Magnitude of the attentional blink for each condition in Experiment 2
As was the case in Experiment 1, an AB was obtained in all three conditions. Unlike in Experiment 1, however, the AB in the T1 + 2 condition was larger than that in the no-distractor condition, even though T1 accuracy was not affected by the T1 + 2 distractor. This means that intervening distractors can modulate the AB directly in the absence of a task switch. Notably, intervening distractors can modulate the magnitude of the AB even though they are not necessary for producing the AB itself, as evidenced by the AB obtained in the no-distractor condition (Fig. 3).
These observations were supported by the outcome of a within-subjects one-way ANOVA with position of the T1 distractor at three levels: no distractor, T1 + 1, and T1 + 2. The analysis revealed a significant effect of T1 distractor, F(2, 94) = 8.94, MSE = 84.05, p < .001. A one-sample t test confirmed that an AB was obtained in the no-distractor condition, t(47) = 4.30, p < .001. Planned pairwise comparisons confirmed that the AB in the T1 + 1 condition was significantly larger than that in the no-distractor condition, t(47) = 3.74, p < .001, but did not differ from that in the T1 + 2 condition, t(47) = 1.12, p > .05. The AB was significantly larger in the T1 + 2 condition than in the no-distractor condition, t(47) = 2.97, p = .005.
The principal objective of Experiment 2 was to find out whether the ABs obtained in Experiment 1 were due, at least in part, to a task switch between T1 and T2. A direct comparison of the two experiments revealed no evidence of task switching on the magnitude of the AB. The results of the two experiments were compared directly in an ANOVA with one between-subjects factor at two levels (experiment: 1 and 2) and one within-subjects factor at three levels (condition: no distractor, T1 + 1, and T1 + 2). The analysis revealed a significant effect of condition, F(2, 174) = 11.17, MSE = 124.40, p < .001. Neither the effect of experiment nor the interaction effect reached significance (both Fs < 1). Planned pairwise comparisons confirmed that a larger AB was obtained in the T1 + 2 condition (11.7%) than in the no-distractor condition (7.6%), t(88) = 2.43, p = .017.
Discussion
Two aspects of the results of Experiment 2 are especially relevant. First, a significant AB was obtained in the no-distractor condition. Notably, the absence of an interaction effect in the combined analysis of Experiments 1 and 2 indicates that the magnitude of the AB obtained in the no-distractor condition in Experiment 2 was comparable to that obtained in the corresponding condition in Experiment 1. This finding strongly suggests that task switching was not selectively responsible for the ABs obtained in Experiment 1. By the same token, the presence of an AB in the no-distractor condition in both experiments confirms that distractors are not necessary to produce an AB. This outcome is clearly consistent with predictions from capacity-based theories, but not from distractor-based theories.

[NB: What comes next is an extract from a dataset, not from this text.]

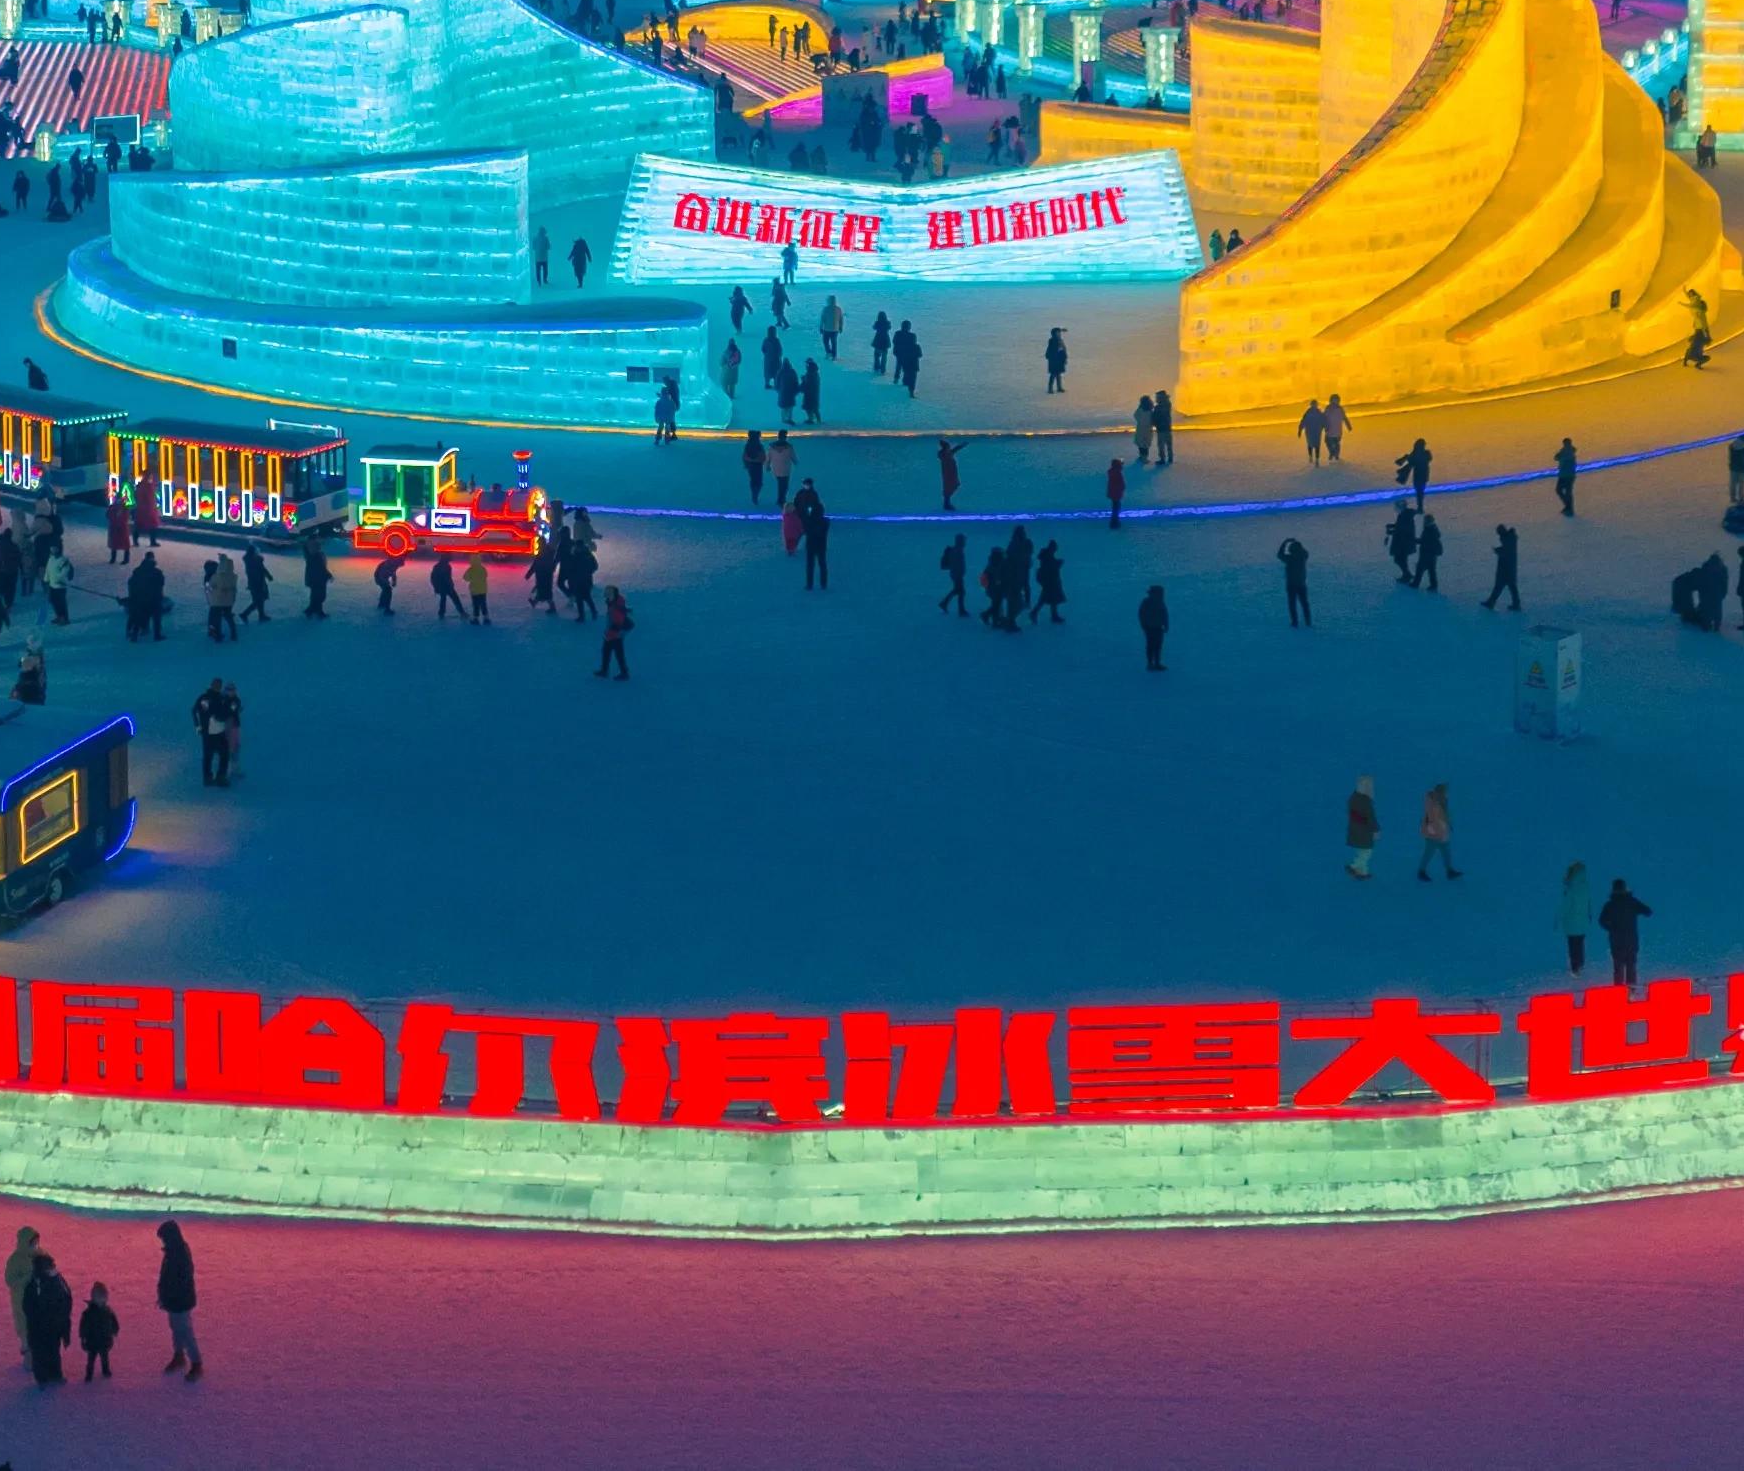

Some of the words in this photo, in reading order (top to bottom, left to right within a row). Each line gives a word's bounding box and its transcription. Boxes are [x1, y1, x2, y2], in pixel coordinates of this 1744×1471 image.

Second, the results of the combined analysis show that a larger AB was obtained in the T1 + 2 condition than in the no-distractor condition. The absence of a corresponding difference in T1 performance (see above) is consistent with the hypothesis that the intervening distractor in the T1 + 2 condition mediated the AB directly, rather than indirectly, through masking of T1. As is shown in Table 1, T1 performance never exceeded 90%, suggesting that the equivalent performance in the T1 + 2 and the no-distractor conditions was not the result of a ceiling effect. This pattern of results is consistent with distractor-based theories, but not with capacity-based theories, which predict that intervening distractors modulate the AB only indirectly by masking T1.
Experiment 3
The larger AB in the T1 + 2 condition, relative to the no-distractor condition, in Experiment 2 was interpreted as favoring distractor-based models. That interpretation, however, depended critically on the null finding that accuracy of T1 identification was approximately the same in those two conditions. Although the sample size in Experiment 2 was large (N = 48) and the null effect was likely not due to a ceiling effect, we thought it prudent to replicate those findings. This was done in Experiment 3, using a conventional AB paradigm in which the two targets were chosen from a larger pool of letters (all the letters in the English alphabet, excepting B, O, Q, Y, and Z).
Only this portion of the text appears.